WORK TO COMPLETE: Write out only the tail of the records, beginning at the line containing "Some of the words" and including the last line, exactly as written.
-------
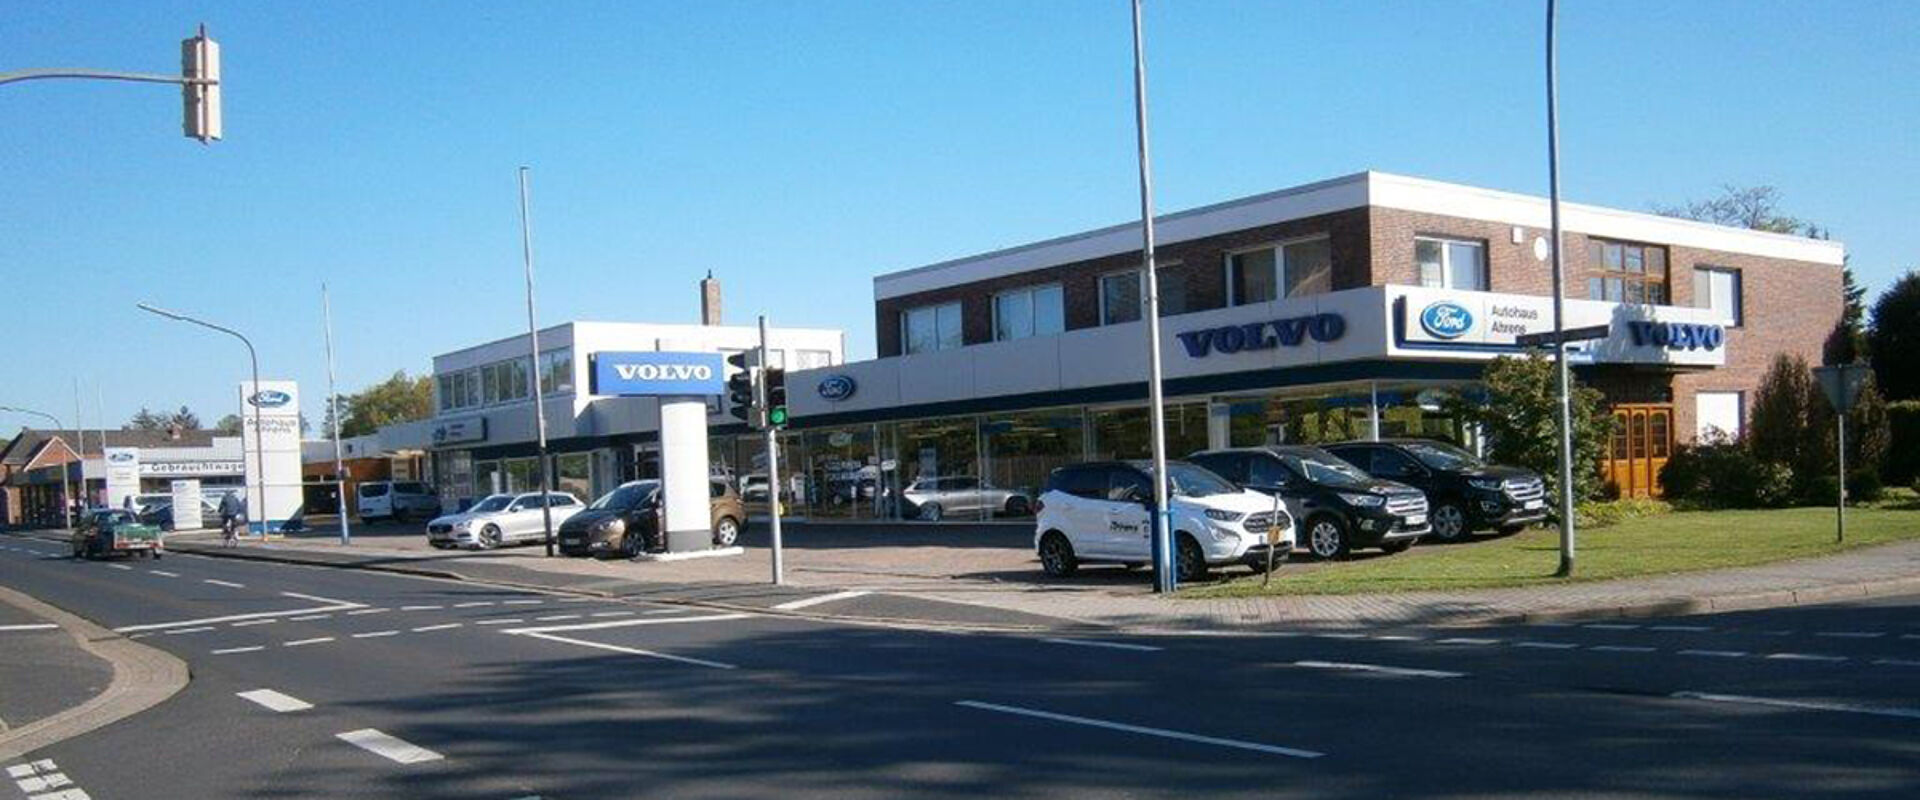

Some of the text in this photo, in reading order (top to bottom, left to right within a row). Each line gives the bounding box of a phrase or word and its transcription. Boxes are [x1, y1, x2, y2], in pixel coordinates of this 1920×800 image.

[1432, 304, 1467, 331] Ford
[1492, 305, 1538, 320] Autohaus
[1176, 313, 1347, 358] VOLVO
[1492, 322, 1527, 335] Ahrens
[1627, 321, 1725, 351] VOLVO
[614, 364, 712, 380] VOLVO
[151, 462, 245, 472] Gebrauchtwage
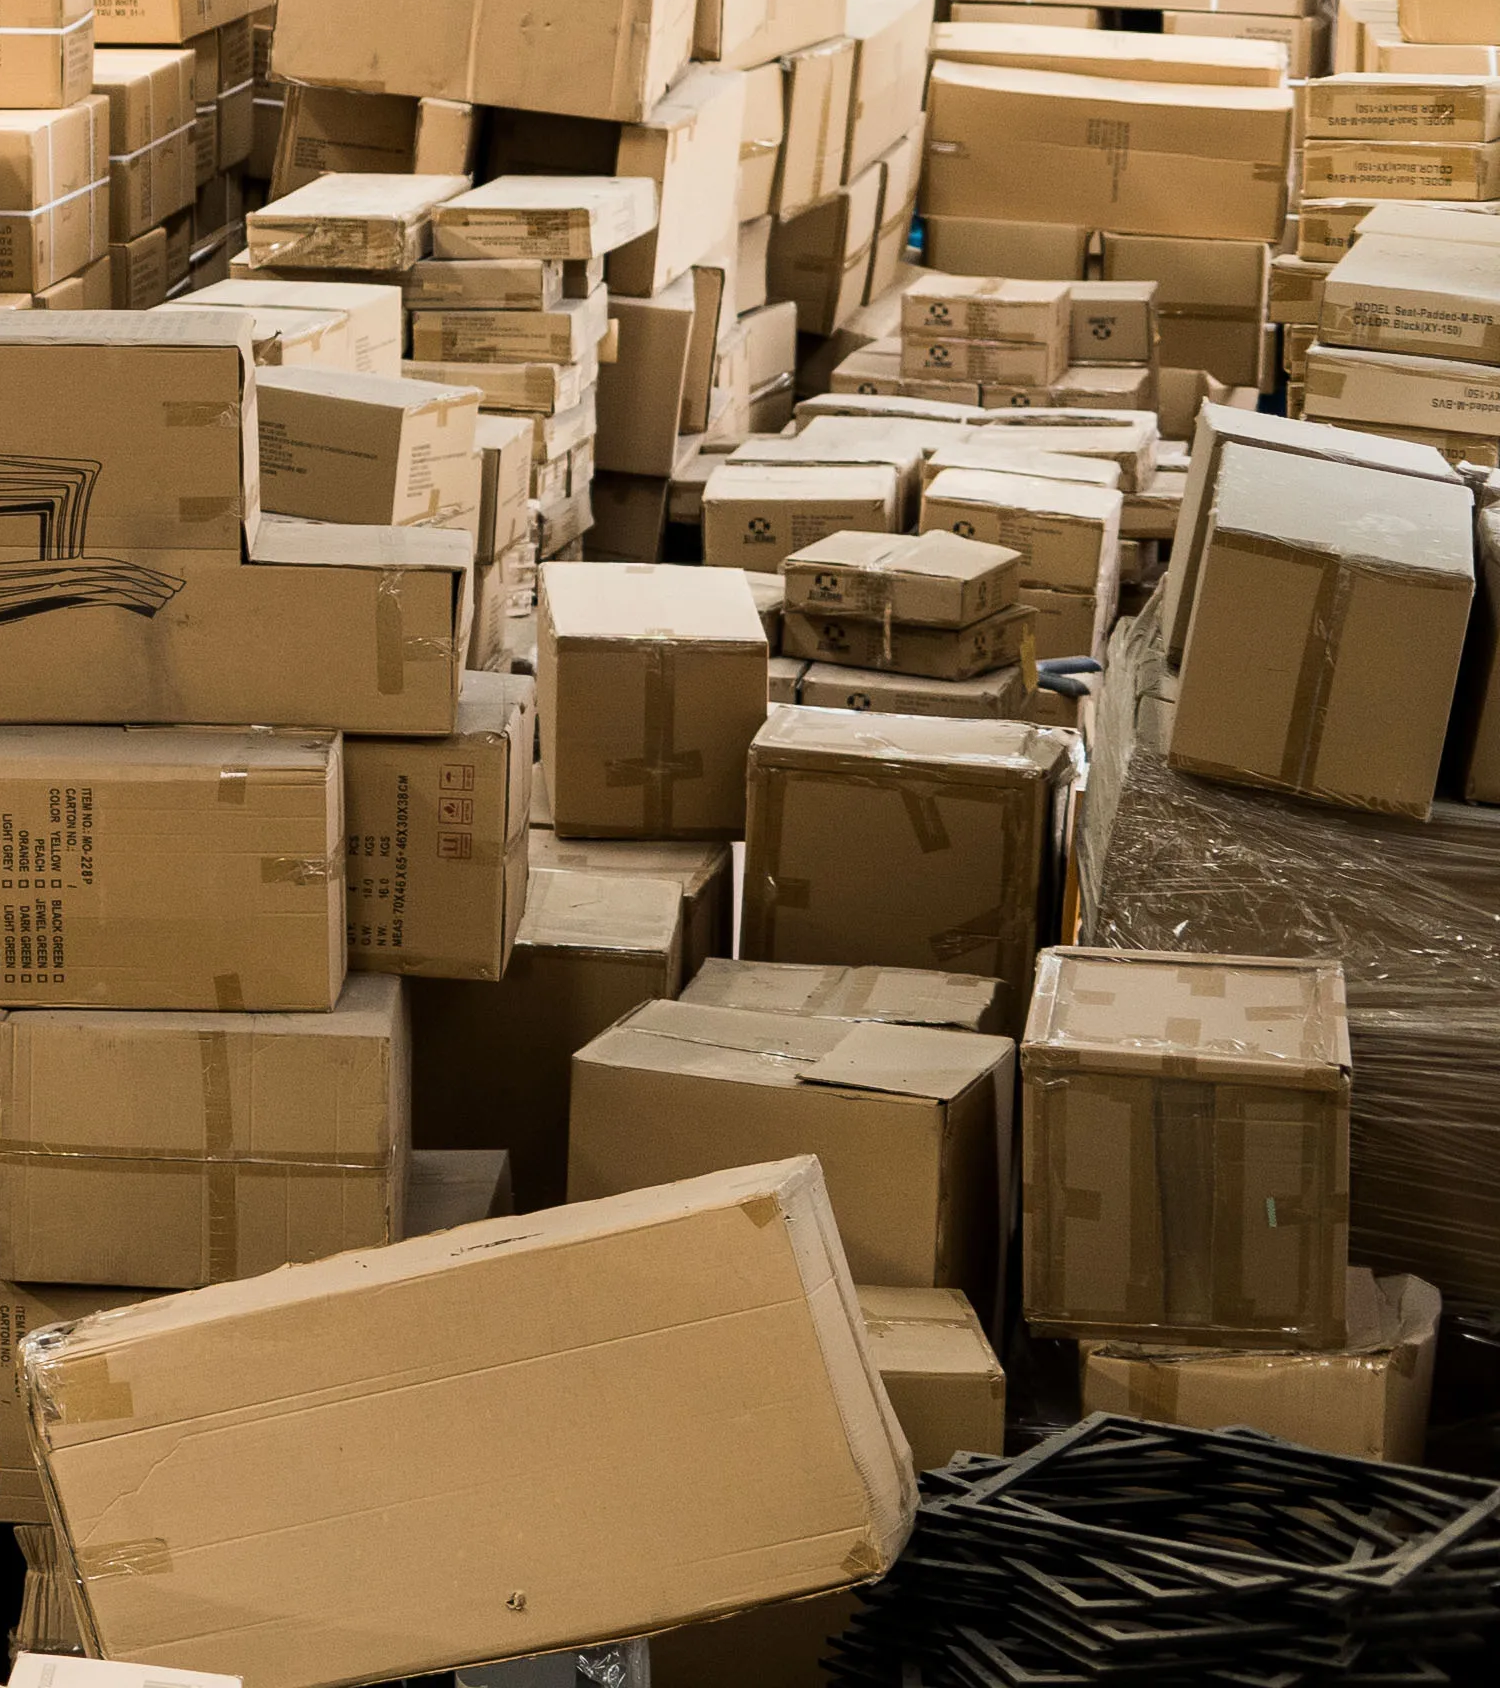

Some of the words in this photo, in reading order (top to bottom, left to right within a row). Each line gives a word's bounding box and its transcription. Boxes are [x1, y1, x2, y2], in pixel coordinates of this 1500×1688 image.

[50, 788, 60, 823] COLOR
[66, 788, 76, 828] CARTON
[82, 788, 92, 811] ITEM
[3, 814, 12, 841] LIGHT
[3, 843, 13, 872] GREY
[19, 830, 29, 872] ORANGE
[34, 839, 44, 872] PEACH
[51, 831, 61, 872] YELLOW
[365, 835, 375, 857] KGS
[380, 836, 390, 857] KGS
[4, 905, 14, 932] LIGHT
[20, 906, 30, 932] DARK
[36, 899, 46, 932] JEWEL
[52, 900, 62, 933] BLACK
[5, 936, 15, 968] GREEN
[21, 935, 31, 969] GREEN
[37, 935, 47, 968] GREEN
[53, 936, 63, 968] GREEN
-------
SOLUTION:
Some of the words in this photo, in reading order (top to bottom, left to right within a row). Each line gives a word's bounding box and its transcription. Boxes are [x1, y1, x2, y2], in pixel coordinates of this 1500×1688 image.

[50, 788, 60, 823] COLOR
[66, 788, 76, 828] CARTON
[82, 788, 92, 811] ITEM
[3, 814, 12, 841] LIGHT
[3, 843, 13, 872] GREY
[19, 830, 29, 872] ORANGE
[34, 839, 44, 872] PEACH
[51, 831, 61, 872] YELLOW
[365, 835, 375, 857] KGS
[380, 836, 390, 857] KGS
[4, 905, 14, 932] LIGHT
[20, 906, 30, 932] DARK
[36, 899, 46, 932] JEWEL
[52, 900, 62, 933] BLACK
[5, 936, 15, 968] GREEN
[21, 935, 31, 969] GREEN
[37, 935, 47, 968] GREEN
[53, 936, 63, 968] GREEN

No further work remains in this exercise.